■ **Work item**: Repeat all of the data precisely.

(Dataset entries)
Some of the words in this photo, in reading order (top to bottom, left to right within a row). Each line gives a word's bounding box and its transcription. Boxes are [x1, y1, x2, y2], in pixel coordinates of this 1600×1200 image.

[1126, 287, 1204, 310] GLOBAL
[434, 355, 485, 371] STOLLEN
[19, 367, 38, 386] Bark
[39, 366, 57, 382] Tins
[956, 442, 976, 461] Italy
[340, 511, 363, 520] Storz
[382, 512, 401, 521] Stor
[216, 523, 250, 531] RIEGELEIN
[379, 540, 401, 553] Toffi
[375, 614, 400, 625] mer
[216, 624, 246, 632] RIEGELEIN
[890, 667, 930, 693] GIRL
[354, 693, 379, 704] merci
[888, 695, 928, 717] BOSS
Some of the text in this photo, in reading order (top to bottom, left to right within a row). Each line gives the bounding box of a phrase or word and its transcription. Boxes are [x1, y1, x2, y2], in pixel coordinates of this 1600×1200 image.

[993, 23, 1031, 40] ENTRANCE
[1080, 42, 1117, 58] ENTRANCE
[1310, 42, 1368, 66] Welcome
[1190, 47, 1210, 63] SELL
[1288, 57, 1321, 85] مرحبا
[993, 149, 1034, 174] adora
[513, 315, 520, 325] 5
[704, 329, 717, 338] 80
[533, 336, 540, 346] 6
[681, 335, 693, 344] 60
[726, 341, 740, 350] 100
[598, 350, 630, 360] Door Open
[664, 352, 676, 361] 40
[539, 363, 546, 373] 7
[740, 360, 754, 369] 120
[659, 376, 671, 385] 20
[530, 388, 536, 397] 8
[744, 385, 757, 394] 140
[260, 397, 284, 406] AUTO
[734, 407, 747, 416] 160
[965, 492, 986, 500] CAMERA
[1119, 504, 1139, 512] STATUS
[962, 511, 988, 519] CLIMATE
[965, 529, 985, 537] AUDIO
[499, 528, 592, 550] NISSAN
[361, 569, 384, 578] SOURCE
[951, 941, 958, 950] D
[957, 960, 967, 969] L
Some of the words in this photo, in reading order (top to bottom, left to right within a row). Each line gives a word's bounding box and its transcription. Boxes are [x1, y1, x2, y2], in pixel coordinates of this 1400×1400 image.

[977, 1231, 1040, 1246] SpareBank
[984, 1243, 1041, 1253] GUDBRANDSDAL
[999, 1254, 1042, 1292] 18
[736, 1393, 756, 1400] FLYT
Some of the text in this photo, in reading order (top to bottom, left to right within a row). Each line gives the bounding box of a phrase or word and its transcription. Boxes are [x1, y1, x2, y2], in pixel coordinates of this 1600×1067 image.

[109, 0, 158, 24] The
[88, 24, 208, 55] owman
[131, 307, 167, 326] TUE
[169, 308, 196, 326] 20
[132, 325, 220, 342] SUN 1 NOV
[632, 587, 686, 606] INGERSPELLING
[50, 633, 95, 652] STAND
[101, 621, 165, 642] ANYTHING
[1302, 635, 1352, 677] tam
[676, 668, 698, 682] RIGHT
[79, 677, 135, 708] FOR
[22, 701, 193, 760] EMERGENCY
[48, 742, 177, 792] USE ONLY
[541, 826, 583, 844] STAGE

■ **Answer section**:
Some of the words in this photo, in reading order (top to bottom, left to right within a row). Each line gives a word's bounding box and its transcription. Boxes are [x1, y1, x2, y2], in pixel coordinates of this 1600×1200 image.

[1126, 287, 1204, 310] GLOBAL
[434, 355, 485, 371] STOLLEN
[19, 367, 38, 386] Bark
[39, 366, 57, 382] Tins
[956, 442, 976, 461] Italy
[340, 511, 363, 520] Storz
[382, 512, 401, 521] Stor
[216, 523, 250, 531] RIEGELEIN
[379, 540, 401, 553] Toffi
[375, 614, 400, 625] mer
[216, 624, 246, 632] RIEGELEIN
[890, 667, 930, 693] GIRL
[354, 693, 379, 704] merci
[888, 695, 928, 717] BOSS
Some of the text in this photo, in reading order (top to bottom, left to right within a row). Each line gives the bounding box of a phrase or word and its transcription. Boxes are [x1, y1, x2, y2], in pixel coordinates of this 1600×1200 image.

[993, 23, 1031, 40] ENTRANCE
[1080, 42, 1117, 58] ENTRANCE
[1310, 42, 1368, 66] Welcome
[1190, 47, 1210, 63] SELL
[1288, 57, 1321, 85] مرحبا
[993, 149, 1034, 174] adora
[513, 315, 520, 325] 5
[704, 329, 717, 338] 80
[533, 336, 540, 346] 6
[681, 335, 693, 344] 60
[726, 341, 740, 350] 100
[598, 350, 630, 360] Door Open
[664, 352, 676, 361] 40
[539, 363, 546, 373] 7
[740, 360, 754, 369] 120
[659, 376, 671, 385] 20
[530, 388, 536, 397] 8
[744, 385, 757, 394] 140
[260, 397, 284, 406] AUTO
[734, 407, 747, 416] 160
[965, 492, 986, 500] CAMERA
[1119, 504, 1139, 512] STATUS
[962, 511, 988, 519] CLIMATE
[965, 529, 985, 537] AUDIO
[499, 528, 592, 550] NISSAN
[361, 569, 384, 578] SOURCE
[951, 941, 958, 950] D
[957, 960, 967, 969] L
Some of the words in this photo, in reading order (top to bottom, left to right within a row). Each line gives a word's bounding box and its transcription. Boxes are [x1, y1, x2, y2], in pixel coordinates of this 1400×1400 image.

[977, 1231, 1040, 1246] SpareBank
[984, 1243, 1041, 1253] GUDBRANDSDAL
[999, 1254, 1042, 1292] 18
[736, 1393, 756, 1400] FLYT
Some of the text in this photo, in reading order (top to bottom, left to right within a row). Each line gives the bounding box of a phrase or word and its transcription. Boxes are [x1, y1, x2, y2], in pixel coordinates of this 1600×1067 image.

[109, 0, 158, 24] The
[88, 24, 208, 55] owman
[131, 307, 167, 326] TUE
[169, 308, 196, 326] 20
[132, 325, 220, 342] SUN 1 NOV
[632, 587, 686, 606] INGERSPELLING
[50, 633, 95, 652] STAND
[101, 621, 165, 642] ANYTHING
[1302, 635, 1352, 677] tam
[676, 668, 698, 682] RIGHT
[79, 677, 135, 708] FOR
[22, 701, 193, 760] EMERGENCY
[48, 742, 177, 792] USE ONLY
[541, 826, 583, 844] STAGE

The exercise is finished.